▼

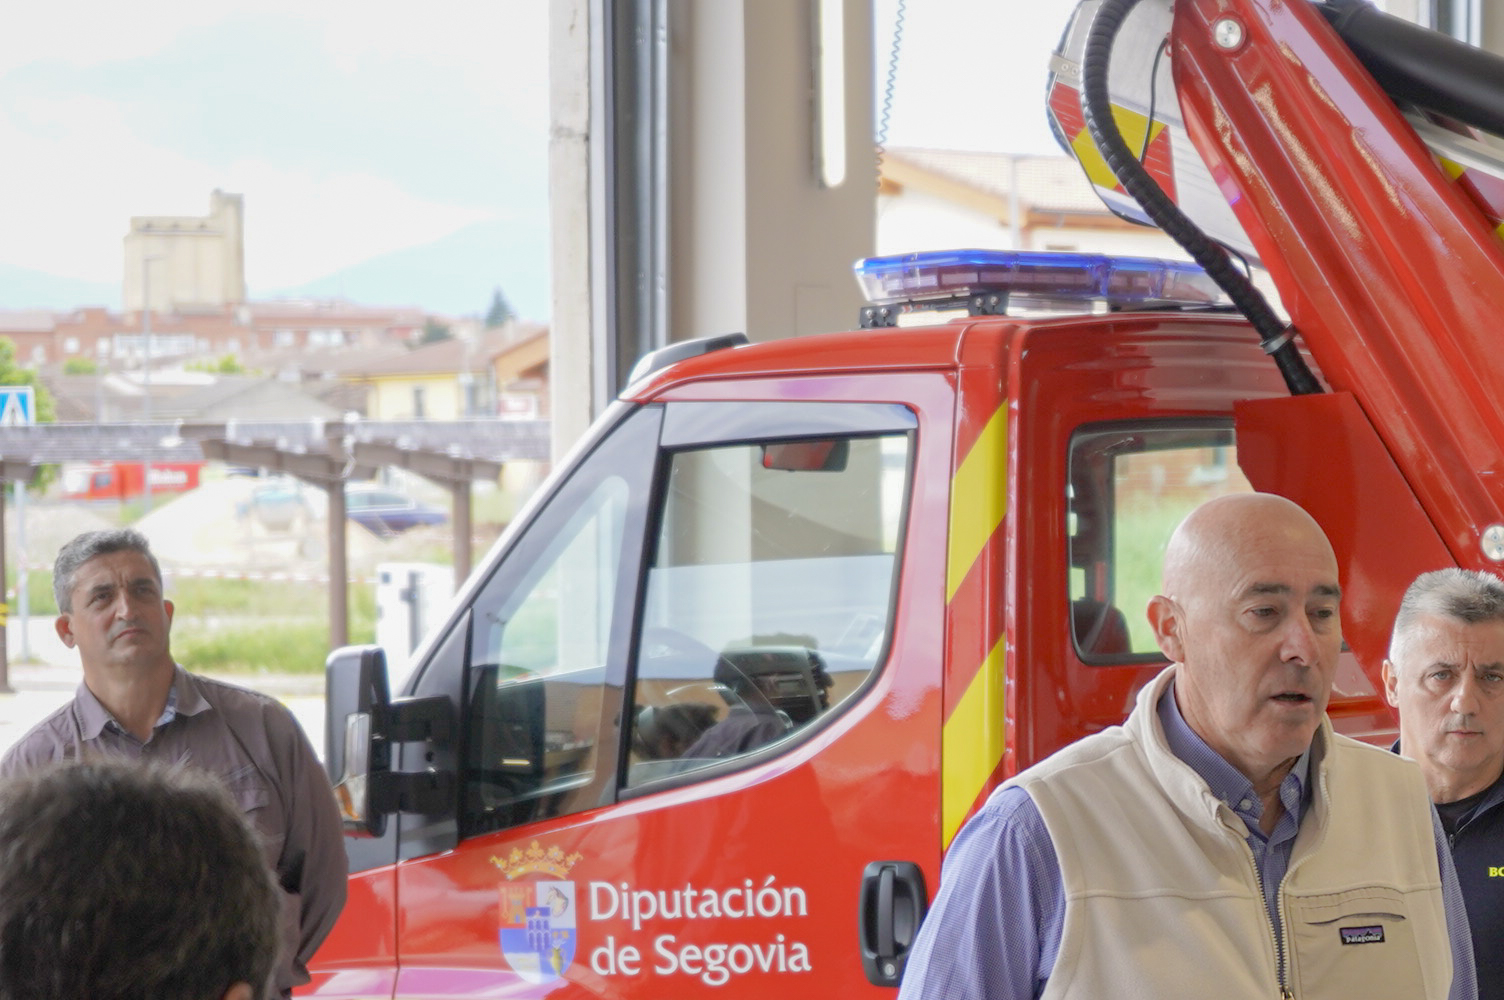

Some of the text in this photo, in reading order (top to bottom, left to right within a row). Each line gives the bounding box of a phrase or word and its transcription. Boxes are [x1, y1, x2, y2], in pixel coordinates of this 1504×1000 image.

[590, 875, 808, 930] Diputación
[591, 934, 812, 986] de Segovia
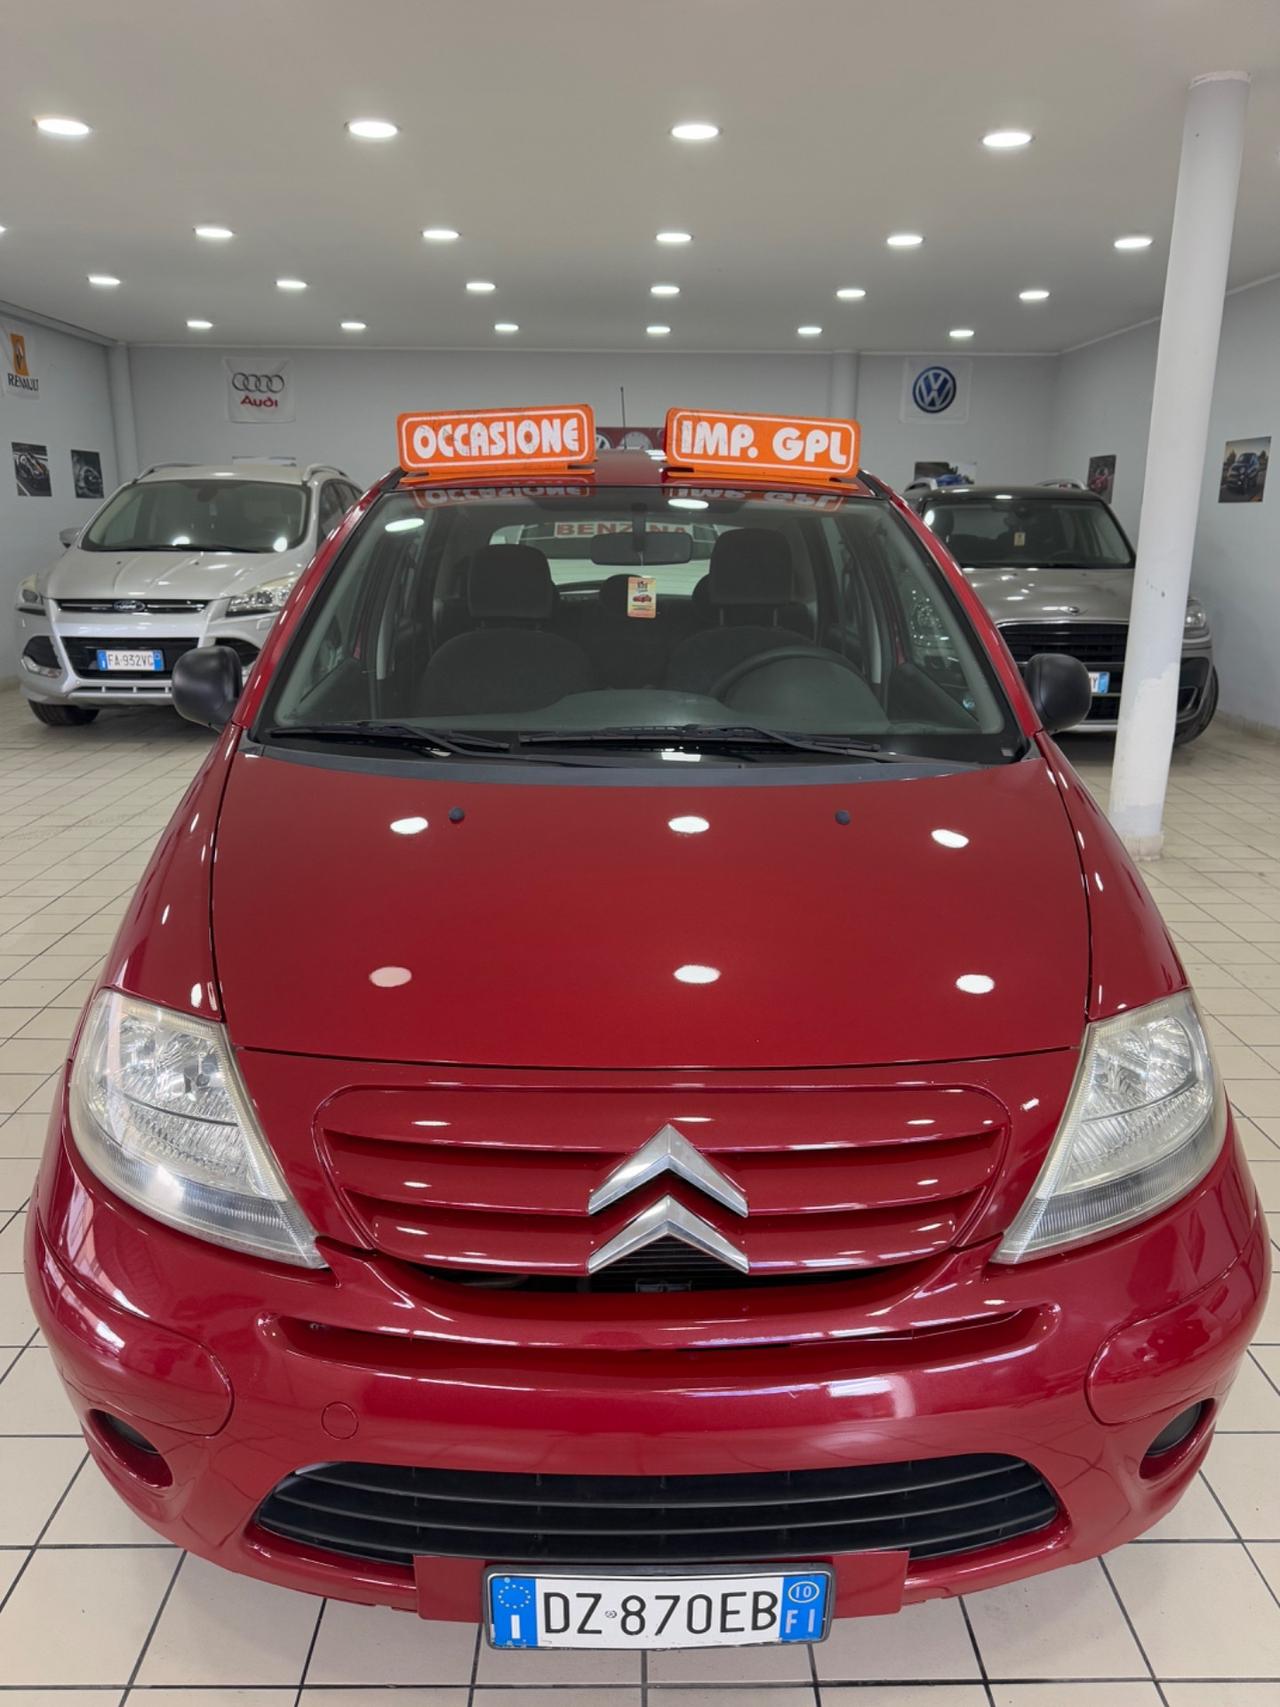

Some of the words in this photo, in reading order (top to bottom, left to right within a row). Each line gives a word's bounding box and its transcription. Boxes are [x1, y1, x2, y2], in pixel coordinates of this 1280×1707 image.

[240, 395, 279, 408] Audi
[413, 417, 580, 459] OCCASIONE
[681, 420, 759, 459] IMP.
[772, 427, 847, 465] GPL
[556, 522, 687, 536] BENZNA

▲

What to produce: All the records need to be printed again exactly as written, though without their pictures.

Output of the exercise:
Some of the text in this photo, in reading order (top to bottom, left to right within a row). Each line gives the bounding box of a phrase or word and its transcription. Boxes are [x1, y1, x2, y2], in pixel coordinates of this 1504×1000 image.

[590, 875, 808, 930] Diputación
[591, 934, 812, 986] de Segovia

Some of the words in this photo, in reading order (top to bottom, left to right within a row). Each line gives a word's bounding box and its transcription. Boxes are [x1, y1, x2, y2], in pixel coordinates of this 1280×1707 image.

[240, 395, 279, 408] Audi
[413, 417, 580, 459] OCCASIONE
[681, 420, 759, 459] IMP.
[772, 427, 847, 465] GPL
[556, 522, 687, 536] BENZNA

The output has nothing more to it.